April 26, 2010

Doctor Who and the British imperial impulse

Surely I can't be the first to make this point, but I'm not typically an appreciator of science-fiction and I managed to mostly avoid Doctor Who until a matter of months ago, and the question is screaming out at me: Is not Doctor Who in some part a science-fiction stand-in for the British Empire? If you strip away the science-fiction elements of it, are you not left with a fellow who seems very much like a typical Englishman, venturing far and wide, encountering all sorts of exotic tribes, and saving the world?

Sometime between the world wars, the Empire fell out of fashion with the British elite; after the second war, the progressives who were elected to erect Britain's dismal welfare state couldn't wait to evacuate the Empire, which incidentally led to a very predictable civil war between what became Pakistan and India; and by the 21st Century, any British elite calling himself "conflicted" about the Empire, instead of condemning it absolutely, would no doubt be suspected of crypto-imperialism and black-balled. As if a half-millennium of British history was all just a terrible mistake. Niall Ferguson, a few years back, advanced an apologetic sort of defense of the Empire, along the lines of, the Empire was redeemed in the end by the fact that Britain drained itself and its Empire defeating aggression and fascism in the world wars. But even that is a defensive argument, and a far cry from what was generally accepted until living memory, which is that the Empire was a mostly noble enterprise that made Britain great and elevated all Britain's possessions at the same time.

That is to say, the Empire is right out in Britain today, or at the very least it's out among the sort of people who make television shows for the BBC. And so I can't help thinking that Doctor Who is the sort of thing you'd wind up with if you were cut from the same cloth as Rudyard Kipling and Chinese Gordon and Cecil Rhodes -- you shared their impulse for adventurism and exoticism and world-saving -- but at the same time, you accepted every one of the nostrums of the 21st Century British elite, with all its political correctness and cultural relativism and pacifism and the rest of it.

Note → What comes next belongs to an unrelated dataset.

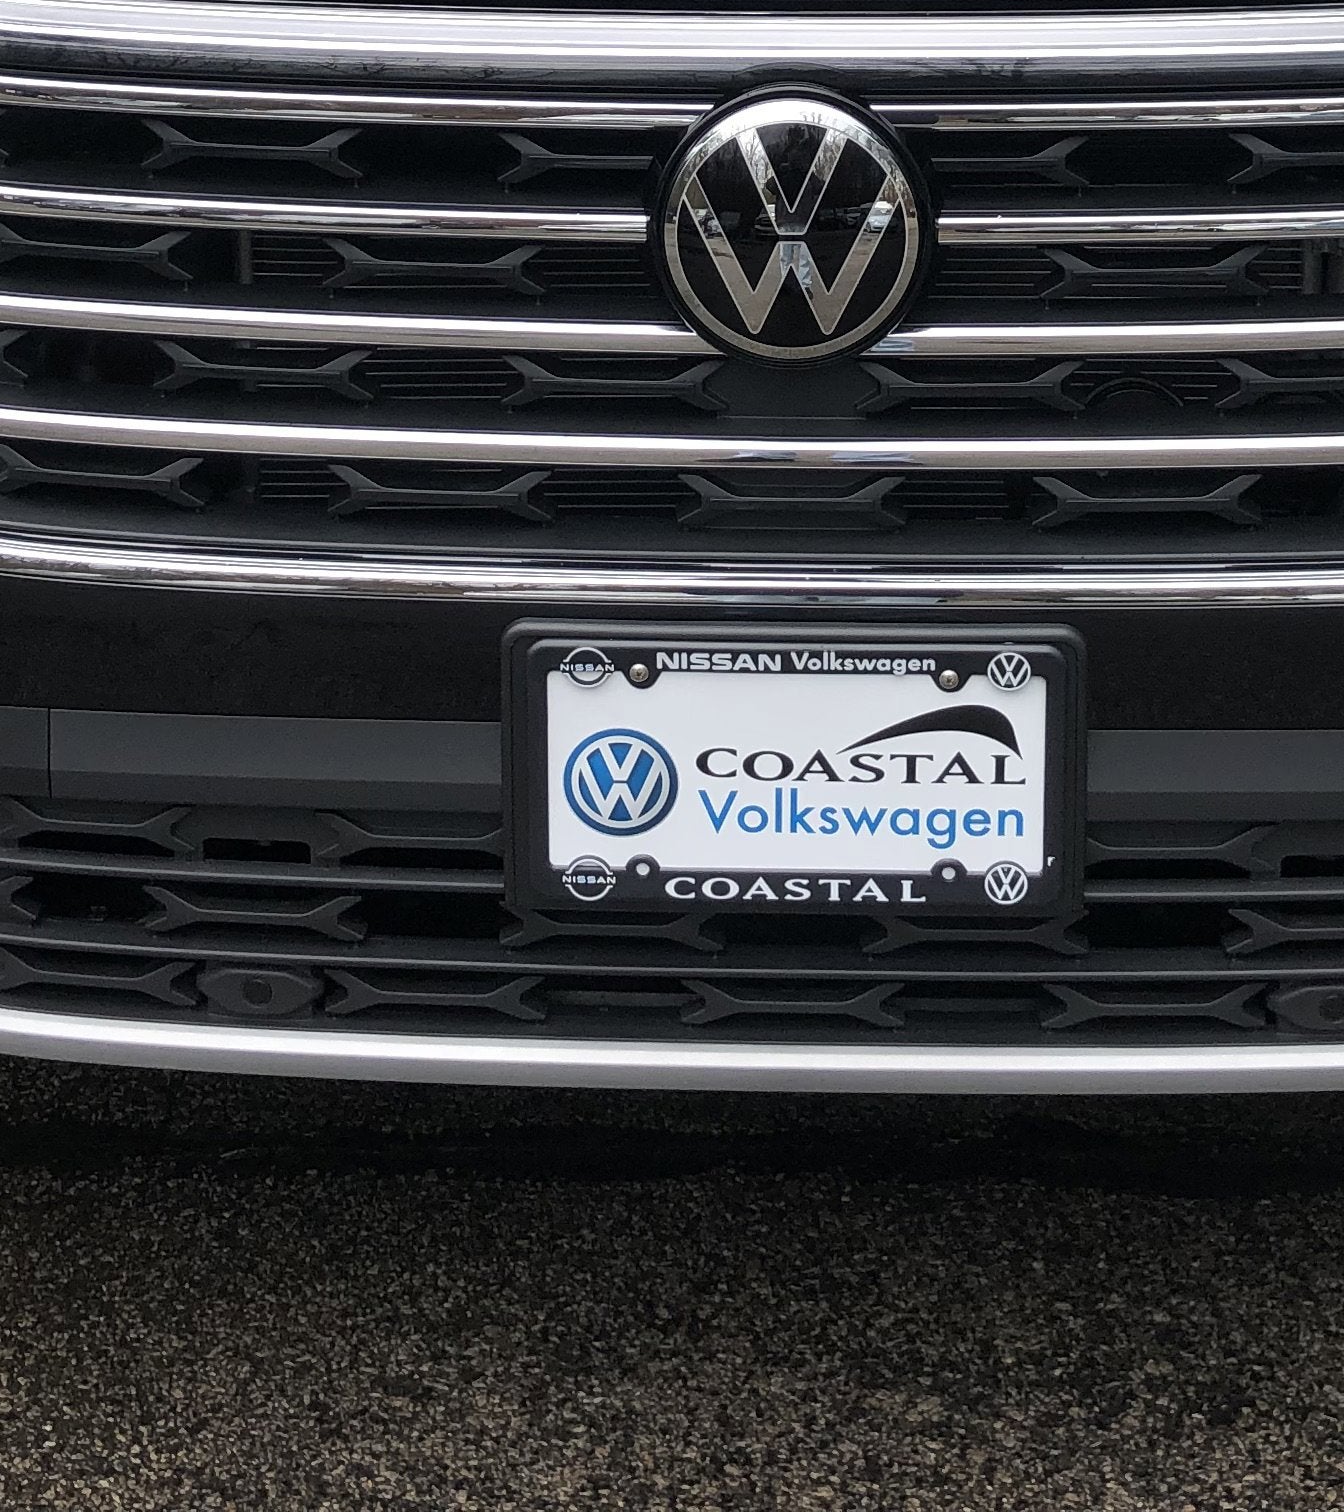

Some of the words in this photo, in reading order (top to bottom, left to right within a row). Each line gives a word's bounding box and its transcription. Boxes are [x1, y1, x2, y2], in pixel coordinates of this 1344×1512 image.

(On that pacifism point: I suppose the sort of people who make television shows for the BBC couldn't very well arm The Doctor with some Time Lord equivalent to the Brown Bess or the Lee-Enfield Mk III, so they've given him a "sonic screwdriver" which conveniently does nearly anything he needs it to do in any given situation. They've created The Doctor as a pacifist of sorts, though apparently with some blood on his hands from the great and final Time War between his own race and the Daleks. One can't fault the makers of the show for keeping their hero's hands clean, and it is a family show, after all, but I have to say, it's easy to be a pacifist when the villains are imaginary and some ingenious and fantastical science-fiction story-writing can save the day.)

In the show, The Doctor has taken it upon himself to tirelessly and thanklessly patrol and save the universe; Rudyard Kipling called it "taking up the white man's burden". The Doctor encounters alien races and civilizations across time and space, some war-like and some peaceable, and all exotic and fascinating; so today it's the "Ood" or "Zocci", where in centuries past it might have been the Narragansetts or Hottentots of whom accounts were written and pictures drawn.

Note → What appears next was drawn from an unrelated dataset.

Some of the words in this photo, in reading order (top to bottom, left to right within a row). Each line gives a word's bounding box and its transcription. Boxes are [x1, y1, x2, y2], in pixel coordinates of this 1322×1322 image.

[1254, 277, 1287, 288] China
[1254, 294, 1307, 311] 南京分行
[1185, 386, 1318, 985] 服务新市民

And for all the ecumenical effort in Doctor Who -- rendering the Earth as just one fairly inconsequential civilized planet in a universe full of them, preferring to treat all of humanity together rather than as individual nations or groups, etc. -- it is as parochial and England-centric (I use the terms affectionately) as any old imperialist ever was, rolling his cricket pitch someplace in India. The Doctor is the last of an alien race called Time Lords, and yet he seems uncannily like an Englishman, even unto the point of caricature in the current and excellent incarnation, played by Matt Smith, with his bow-tie and tweed jacket, and eating fried fish and custard. Take even the pairing in this current and excellent series: The Doctor a seeming Englishman in tweed with his plucky red-headed Scottish lieutenant, venturing far and wide and saving the universe. If anyone had proposed that as a formula for a story of the British Empire, it'd have been rejected as hackneyed.

The Doctor's time machine/space ship, the TARDIS, has assumed the form of the British blue police box, and if those blue police boxes were any more British, George Formby would have sung a song about them.

The only human enterprise capable of monitoring and combatting extra-terrestrial intervention in earthly affairs is called Torchwood, which is a covert agency of the British government -- established by Queen Victoria herself, it turns out. (And one can't help noticing that this Torchwood bears some resemblance to MI5 or MI6, or maybe Room 40 in the First World War or Bletchley Park in the Second.)

I expect I could go on, if I knew more about this show which is still new to me, but suffice it to say Doctor Who looks to me like it owes almost as much to Rudyard Kipling as to H. G. Wells. And so I can't help thinking, even after decades of institutionalized self-loathing and self-flagellating, the Empire's in 'em still.